*** Opening of Supplied information ***

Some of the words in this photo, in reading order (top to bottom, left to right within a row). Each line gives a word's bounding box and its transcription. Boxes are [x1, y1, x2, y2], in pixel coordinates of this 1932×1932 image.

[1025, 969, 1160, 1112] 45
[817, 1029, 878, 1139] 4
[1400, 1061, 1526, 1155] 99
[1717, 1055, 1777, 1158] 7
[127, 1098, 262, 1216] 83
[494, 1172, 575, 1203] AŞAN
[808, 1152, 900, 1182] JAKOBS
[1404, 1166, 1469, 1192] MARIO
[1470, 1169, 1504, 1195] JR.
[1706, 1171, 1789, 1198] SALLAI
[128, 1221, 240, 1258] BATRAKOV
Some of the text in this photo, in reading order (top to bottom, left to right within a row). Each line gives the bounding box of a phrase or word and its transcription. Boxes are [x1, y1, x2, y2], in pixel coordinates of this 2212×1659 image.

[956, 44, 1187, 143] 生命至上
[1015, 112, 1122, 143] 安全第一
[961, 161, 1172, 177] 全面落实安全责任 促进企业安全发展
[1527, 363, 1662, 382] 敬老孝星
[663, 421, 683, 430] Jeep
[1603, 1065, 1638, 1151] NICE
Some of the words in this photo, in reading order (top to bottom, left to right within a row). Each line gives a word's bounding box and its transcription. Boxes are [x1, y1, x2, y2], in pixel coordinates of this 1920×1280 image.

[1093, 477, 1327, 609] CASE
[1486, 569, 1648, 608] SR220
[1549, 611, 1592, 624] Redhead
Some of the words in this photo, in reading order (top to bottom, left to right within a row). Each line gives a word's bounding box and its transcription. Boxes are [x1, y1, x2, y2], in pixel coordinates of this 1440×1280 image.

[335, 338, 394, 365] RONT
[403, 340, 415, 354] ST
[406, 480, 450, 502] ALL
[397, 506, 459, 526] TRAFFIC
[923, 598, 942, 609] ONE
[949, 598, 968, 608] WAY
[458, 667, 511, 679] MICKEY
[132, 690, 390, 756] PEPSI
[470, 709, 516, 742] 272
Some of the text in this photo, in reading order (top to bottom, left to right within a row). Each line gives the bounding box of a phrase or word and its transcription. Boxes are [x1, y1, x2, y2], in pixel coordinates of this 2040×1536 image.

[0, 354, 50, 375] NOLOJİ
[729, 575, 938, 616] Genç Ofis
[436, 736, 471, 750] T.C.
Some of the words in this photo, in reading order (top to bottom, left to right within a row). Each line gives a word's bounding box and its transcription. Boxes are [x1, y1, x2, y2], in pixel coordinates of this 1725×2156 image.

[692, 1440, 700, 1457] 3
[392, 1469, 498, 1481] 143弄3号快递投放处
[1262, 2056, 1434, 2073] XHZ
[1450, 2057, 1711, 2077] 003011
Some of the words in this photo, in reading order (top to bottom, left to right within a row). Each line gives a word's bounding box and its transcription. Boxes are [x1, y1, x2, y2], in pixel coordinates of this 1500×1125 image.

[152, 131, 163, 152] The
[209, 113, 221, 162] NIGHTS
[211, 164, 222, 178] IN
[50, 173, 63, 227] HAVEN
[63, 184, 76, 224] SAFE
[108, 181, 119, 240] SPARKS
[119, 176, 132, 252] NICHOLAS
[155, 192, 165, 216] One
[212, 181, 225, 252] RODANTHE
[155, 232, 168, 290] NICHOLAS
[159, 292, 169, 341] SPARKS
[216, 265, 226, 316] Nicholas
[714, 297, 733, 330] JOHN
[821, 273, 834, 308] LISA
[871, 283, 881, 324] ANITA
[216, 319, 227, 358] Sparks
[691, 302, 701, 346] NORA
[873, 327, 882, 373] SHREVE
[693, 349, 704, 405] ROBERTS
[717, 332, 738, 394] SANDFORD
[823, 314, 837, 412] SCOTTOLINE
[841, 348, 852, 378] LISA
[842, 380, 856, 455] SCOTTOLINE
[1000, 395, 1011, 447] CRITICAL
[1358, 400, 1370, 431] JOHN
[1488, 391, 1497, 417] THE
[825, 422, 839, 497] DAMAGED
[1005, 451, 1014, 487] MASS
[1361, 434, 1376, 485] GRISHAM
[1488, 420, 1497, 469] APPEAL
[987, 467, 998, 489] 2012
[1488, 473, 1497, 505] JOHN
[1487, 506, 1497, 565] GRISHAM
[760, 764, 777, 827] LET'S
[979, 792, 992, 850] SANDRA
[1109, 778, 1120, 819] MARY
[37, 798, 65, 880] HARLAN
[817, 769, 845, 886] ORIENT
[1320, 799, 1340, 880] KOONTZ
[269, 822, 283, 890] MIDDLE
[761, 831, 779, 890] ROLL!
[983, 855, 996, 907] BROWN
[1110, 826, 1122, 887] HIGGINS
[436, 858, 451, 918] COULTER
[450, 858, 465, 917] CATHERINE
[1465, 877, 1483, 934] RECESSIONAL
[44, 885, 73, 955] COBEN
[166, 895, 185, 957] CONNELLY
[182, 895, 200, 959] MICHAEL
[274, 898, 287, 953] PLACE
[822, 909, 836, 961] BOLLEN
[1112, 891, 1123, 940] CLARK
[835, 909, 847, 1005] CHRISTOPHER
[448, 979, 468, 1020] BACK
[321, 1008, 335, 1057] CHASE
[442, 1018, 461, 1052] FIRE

*** Close of Supplied information ***

[Assignment] Would you transcribe every entry exactly, leaving nothing out?

[Response area]
Some of the words in this photo, in reading order (top to bottom, left to right within a row). Each line gives a word's bounding box and its transcription. Boxes are [x1, y1, x2, y2], in pixel coordinates of this 1932×1932 image.

[1025, 969, 1160, 1112] 45
[817, 1029, 878, 1139] 4
[1400, 1061, 1526, 1155] 99
[1717, 1055, 1777, 1158] 7
[127, 1098, 262, 1216] 83
[494, 1172, 575, 1203] AŞAN
[808, 1152, 900, 1182] JAKOBS
[1404, 1166, 1469, 1192] MARIO
[1470, 1169, 1504, 1195] JR.
[1706, 1171, 1789, 1198] SALLAI
[128, 1221, 240, 1258] BATRAKOV
Some of the text in this photo, in reading order (top to bottom, left to right within a row). Each line gives the bounding box of a phrase or word and its transcription. Boxes are [x1, y1, x2, y2], in pixel coordinates of this 2212×1659 image.

[956, 44, 1187, 143] 生命至上
[1015, 112, 1122, 143] 安全第一
[961, 161, 1172, 177] 全面落实安全责任 促进企业安全发展
[1527, 363, 1662, 382] 敬老孝星
[663, 421, 683, 430] Jeep
[1603, 1065, 1638, 1151] NICE
Some of the words in this photo, in reading order (top to bottom, left to right within a row). Each line gives a word's bounding box and its transcription. Boxes are [x1, y1, x2, y2], in pixel coordinates of this 1920×1280 image.

[1093, 477, 1327, 609] CASE
[1486, 569, 1648, 608] SR220
[1549, 611, 1592, 624] Redhead
Some of the words in this photo, in reading order (top to bottom, left to right within a row). Each line gives a word's bounding box and its transcription. Boxes are [x1, y1, x2, y2], in pixel coordinates of this 1440×1280 image.

[335, 338, 394, 365] RONT
[403, 340, 415, 354] ST
[406, 480, 450, 502] ALL
[397, 506, 459, 526] TRAFFIC
[923, 598, 942, 609] ONE
[949, 598, 968, 608] WAY
[458, 667, 511, 679] MICKEY
[132, 690, 390, 756] PEPSI
[470, 709, 516, 742] 272
Some of the text in this photo, in reading order (top to bottom, left to right within a row). Each line gives the bounding box of a phrase or word and its transcription. Boxes are [x1, y1, x2, y2], in pixel coordinates of this 2040×1536 image.

[0, 354, 50, 375] NOLOJİ
[729, 575, 938, 616] Genç Ofis
[436, 736, 471, 750] T.C.
Some of the words in this photo, in reading order (top to bottom, left to right within a row). Each line gives a word's bounding box and its transcription. Boxes are [x1, y1, x2, y2], in pixel coordinates of this 1725×2156 image.

[692, 1440, 700, 1457] 3
[392, 1469, 498, 1481] 143弄3号快递投放处
[1262, 2056, 1434, 2073] XHZ
[1450, 2057, 1711, 2077] 003011
Some of the words in this photo, in reading order (top to bottom, left to right within a row). Each line gives a word's bounding box and its transcription. Boxes are [x1, y1, x2, y2], in pixel coordinates of this 1500×1125 image.

[152, 131, 163, 152] The
[209, 113, 221, 162] NIGHTS
[211, 164, 222, 178] IN
[50, 173, 63, 227] HAVEN
[63, 184, 76, 224] SAFE
[108, 181, 119, 240] SPARKS
[119, 176, 132, 252] NICHOLAS
[155, 192, 165, 216] One
[212, 181, 225, 252] RODANTHE
[155, 232, 168, 290] NICHOLAS
[159, 292, 169, 341] SPARKS
[216, 265, 226, 316] Nicholas
[714, 297, 733, 330] JOHN
[821, 273, 834, 308] LISA
[871, 283, 881, 324] ANITA
[216, 319, 227, 358] Sparks
[691, 302, 701, 346] NORA
[873, 327, 882, 373] SHREVE
[693, 349, 704, 405] ROBERTS
[717, 332, 738, 394] SANDFORD
[823, 314, 837, 412] SCOTTOLINE
[841, 348, 852, 378] LISA
[842, 380, 856, 455] SCOTTOLINE
[1000, 395, 1011, 447] CRITICAL
[1358, 400, 1370, 431] JOHN
[1488, 391, 1497, 417] THE
[825, 422, 839, 497] DAMAGED
[1005, 451, 1014, 487] MASS
[1361, 434, 1376, 485] GRISHAM
[1488, 420, 1497, 469] APPEAL
[987, 467, 998, 489] 2012
[1488, 473, 1497, 505] JOHN
[1487, 506, 1497, 565] GRISHAM
[760, 764, 777, 827] LET'S
[979, 792, 992, 850] SANDRA
[1109, 778, 1120, 819] MARY
[37, 798, 65, 880] HARLAN
[817, 769, 845, 886] ORIENT
[1320, 799, 1340, 880] KOONTZ
[269, 822, 283, 890] MIDDLE
[761, 831, 779, 890] ROLL!
[983, 855, 996, 907] BROWN
[1110, 826, 1122, 887] HIGGINS
[436, 858, 451, 918] COULTER
[450, 858, 465, 917] CATHERINE
[1465, 877, 1483, 934] RECESSIONAL
[44, 885, 73, 955] COBEN
[166, 895, 185, 957] CONNELLY
[182, 895, 200, 959] MICHAEL
[274, 898, 287, 953] PLACE
[822, 909, 836, 961] BOLLEN
[1112, 891, 1123, 940] CLARK
[835, 909, 847, 1005] CHRISTOPHER
[448, 979, 468, 1020] BACK
[321, 1008, 335, 1057] CHASE
[442, 1018, 461, 1052] FIRE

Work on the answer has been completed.